No miento que entré con muchas ganas a ver esta película después de saber que había participado en la última edición del festival de cine de Málaga. La película, una coproducción de España y Bélgica, nos sumerge en la apasionante historia de Emma, una mujer que desafió las normas de la España del siglo IX para tomar las riendas de su destino. La figura de esta joven abadesa me intrigaba desde el principio, y las expectativas no podían ser más altas.

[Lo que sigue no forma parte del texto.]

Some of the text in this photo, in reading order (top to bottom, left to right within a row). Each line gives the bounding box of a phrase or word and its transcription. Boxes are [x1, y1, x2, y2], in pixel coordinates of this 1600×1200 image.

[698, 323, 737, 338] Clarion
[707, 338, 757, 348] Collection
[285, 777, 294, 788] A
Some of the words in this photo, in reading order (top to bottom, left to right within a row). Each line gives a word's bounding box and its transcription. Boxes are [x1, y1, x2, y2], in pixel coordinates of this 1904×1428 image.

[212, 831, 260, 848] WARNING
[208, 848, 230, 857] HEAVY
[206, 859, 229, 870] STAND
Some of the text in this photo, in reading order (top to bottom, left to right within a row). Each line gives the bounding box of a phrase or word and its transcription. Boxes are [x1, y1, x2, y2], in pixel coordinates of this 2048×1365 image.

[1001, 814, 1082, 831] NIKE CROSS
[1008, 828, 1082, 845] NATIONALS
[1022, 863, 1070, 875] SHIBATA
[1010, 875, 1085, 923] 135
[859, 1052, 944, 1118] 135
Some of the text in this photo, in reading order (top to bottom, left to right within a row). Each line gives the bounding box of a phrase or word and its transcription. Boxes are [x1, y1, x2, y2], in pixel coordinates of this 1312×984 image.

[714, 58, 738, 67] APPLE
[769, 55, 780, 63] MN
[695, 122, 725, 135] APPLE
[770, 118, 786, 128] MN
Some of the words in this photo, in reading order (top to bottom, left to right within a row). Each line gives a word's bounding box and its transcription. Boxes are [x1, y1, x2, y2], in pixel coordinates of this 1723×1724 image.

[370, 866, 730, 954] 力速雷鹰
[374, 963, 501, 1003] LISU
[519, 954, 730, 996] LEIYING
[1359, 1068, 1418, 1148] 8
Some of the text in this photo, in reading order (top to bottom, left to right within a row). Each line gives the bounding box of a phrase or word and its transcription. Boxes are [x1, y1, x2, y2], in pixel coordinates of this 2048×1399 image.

Las primeras escenas te cautivan al momento. La ambientación medieval es impecable, transportándome a un mundo de piedra, hábitos y rituales religiosos. La fotografía, cuidada al detalle, resaltaba la belleza austera del convento y la majestuosidad del paisaje castellano. La banda sonora, con sus cantos gregorianos y melodías melancólicas, creaba una atmósfera de solemnidad y misterio que te transporta a la época.

La actuación de Daniela Brown como Emma es de lo más destacable de la película. Sus ojos transmitían una mezcla de determinación, fragilidad y fervor religioso que no hay momento en el que no te creas al personaje. A su alrededor, un elenco sólido daba vida a personajes complejos.

Sin embargo, a medida que la trama avanzaba, comencé a sentir cierta desilusión. La película se centraba en la lucha de Emma por defender los derechos de su convento y de las mujeres de su época, un tema de gran relevancia que me atraía profundamente. No obstante, el desarrollo de la historia se volvió un tanto predecible, con algunos clichés y giros argumentales que no me sorprendieron.

Eché en falta una mayor profundidad en la exploración de la psicología de Emma. Me hubiera gustado conocer mejor sus dudas internas, sus miedos y sus deseos más allá de su faceta como líder. La película se aproximaba a su faceta más humana, pero no terminaba de indagar en ella de forma que realmente te atrapara.

A pesar de algunos altibajos en el ritmo y la predictibilidad de ciertos eventos, la película mantiene un tono épico y una poética cautivadora. La luz, el paisaje y el sonido se convierten en personajes adicionales que realzan la narrativa que quiere ser contada.

Es una película bien escrita que debe ser vista. Su mensaje reivindicativo en una sociedad en la que el hombre deja a la mujer en segundo plano y deben buscar su lugar en mundo masculino, la hace digna de ver y de haber sido candidata a mejor película en el festival de Málaga.